Стив обходит фонтан Треви по периметру множество раз; разглядывает со всех сторон, высматривает едва заметные щели между скульптурами, понятия не имеет, где искать письмо.
Есть ли оно здесь вообще.
Он проводит так не менее часа, но добивается только настороженных взглядов от продавца мороженого из магазина неподалеку; Стиву не хочется принимать поражение, и с четвертой попытки он отлавливает местного, худо-бедно говорящего по английски, выспрашивает адрес ближайшего почтового отделения.
Как он и подозревал - совсем недалеко.
“Хотелось бы писать чаще. Хотя какая тебе разница, Стив, ты все равно не ждешь этих писем. А я тут теряю счет дням и странам, кажется, что мы все время идем куда-то, движемся, только цели нет. Или ее не видно никому. И грязь везде, вчера пришлось ползти добрых полчаса, полковник потом ласково обозвал нас кусками дерьма. Я только что вылил последнюю воду из сапога, так что, знаешь, я с ним согласен. Валяемся в лужах, ведем себя так же.
Я не писал тебе, когда впервые убил. И потом не стал.
Вчера я убивал стольких, что не хочу считать, и, чтобы ты знал, я минут десять пытался написать эту строчку. Как-то смягчить, но не получается. Когда ты хотел на войну - думал об этом? О том, что придется делать здесь?”
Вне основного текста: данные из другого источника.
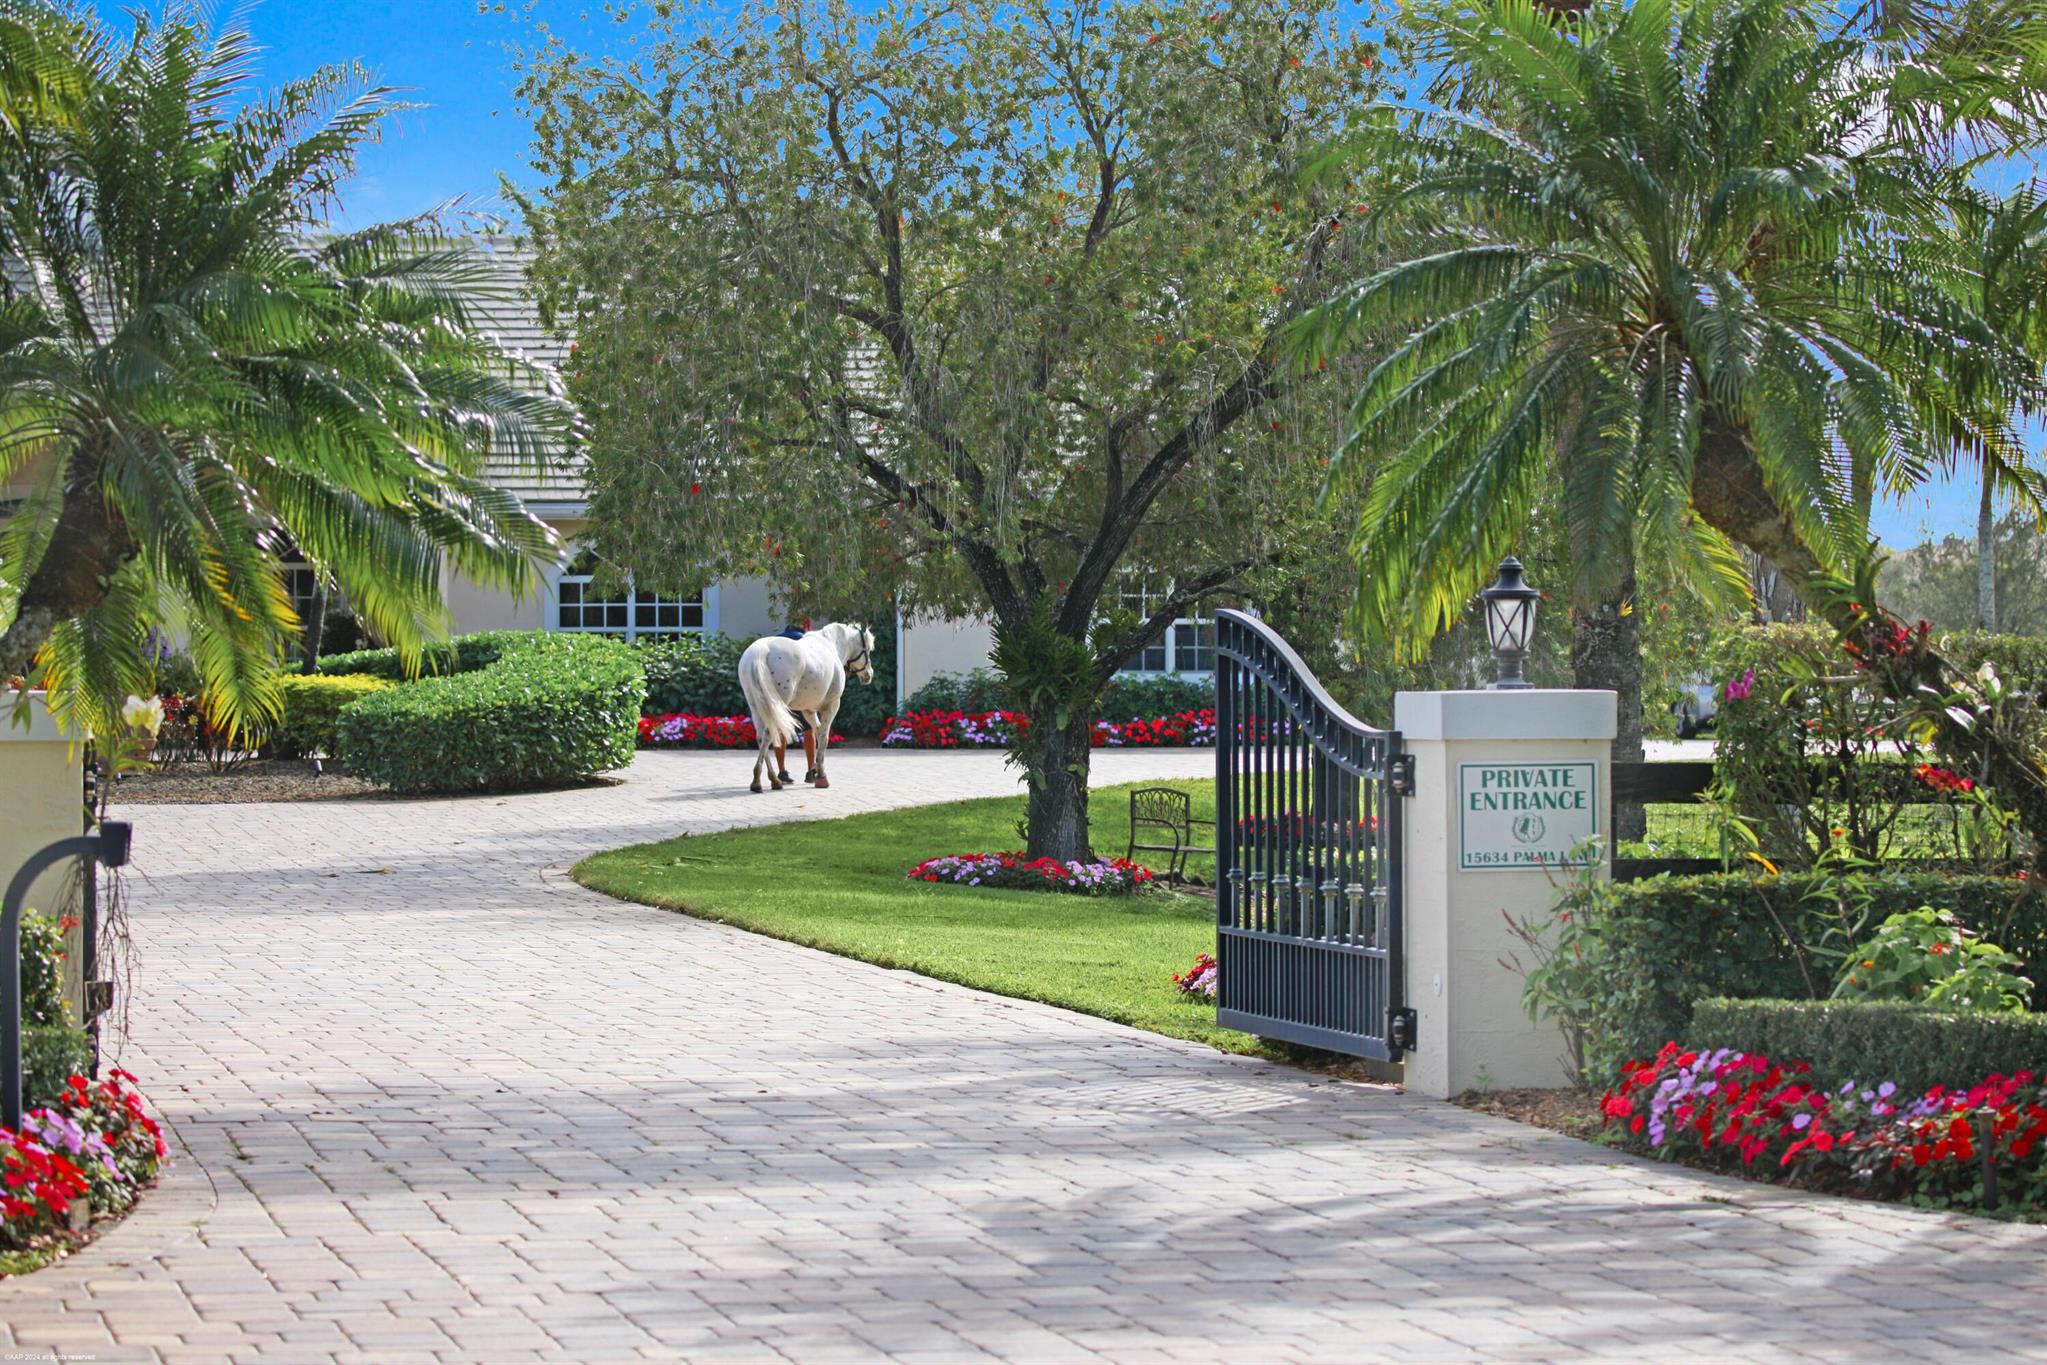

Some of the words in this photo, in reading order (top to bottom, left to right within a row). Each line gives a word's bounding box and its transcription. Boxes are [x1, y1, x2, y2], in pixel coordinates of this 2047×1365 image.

[1481, 768, 1576, 788] PRIVATE
[1470, 790, 1588, 811] ENTRANCE
[1466, 851, 1508, 864] 15634
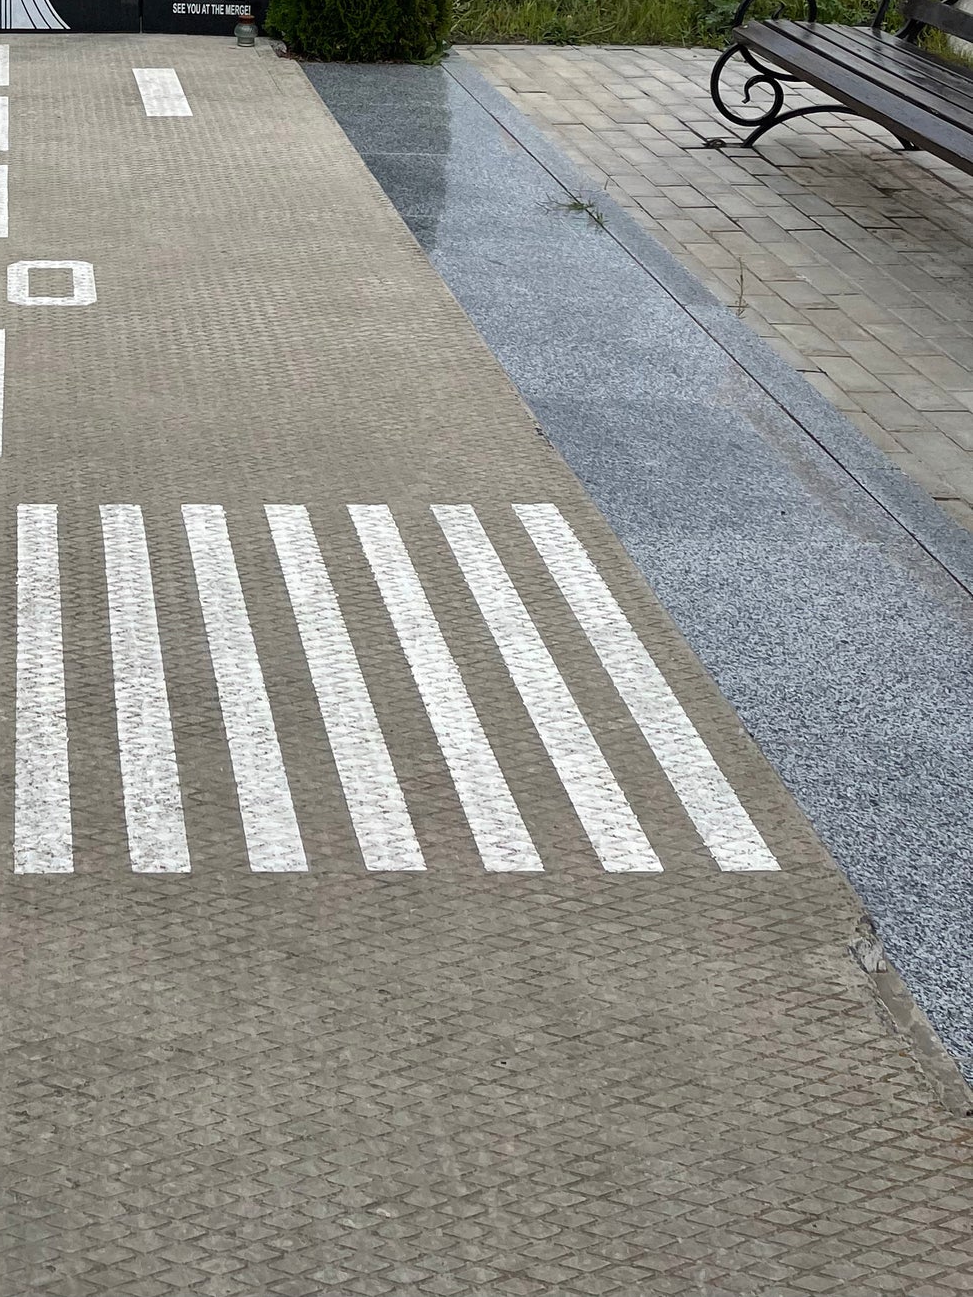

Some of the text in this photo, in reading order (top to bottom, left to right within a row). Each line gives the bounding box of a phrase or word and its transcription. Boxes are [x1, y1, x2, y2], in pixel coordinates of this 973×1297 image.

Конверт оставлен на имя Стивена Роджерса - до востребования.
Выйдя на улицу, Стив опускается на бордюр, не поднимая глаз, не обращая совсем внимания, где именно находится; автоматически сдвигает ноги, когда о них едва не спотыкается какая-то благообразная старушка.
Он читает, и строчки письма словно звучат в ушах, проговариваются, размеренно, слегка манерно, голосом Баки, - так, как он читал бы собственную писанину еще до войны, насмешливый, целиком и полностью довольный собой; Стив слышит этот голос в своей голове и понимает, по-настоящему теперь понимает, что успел поверить.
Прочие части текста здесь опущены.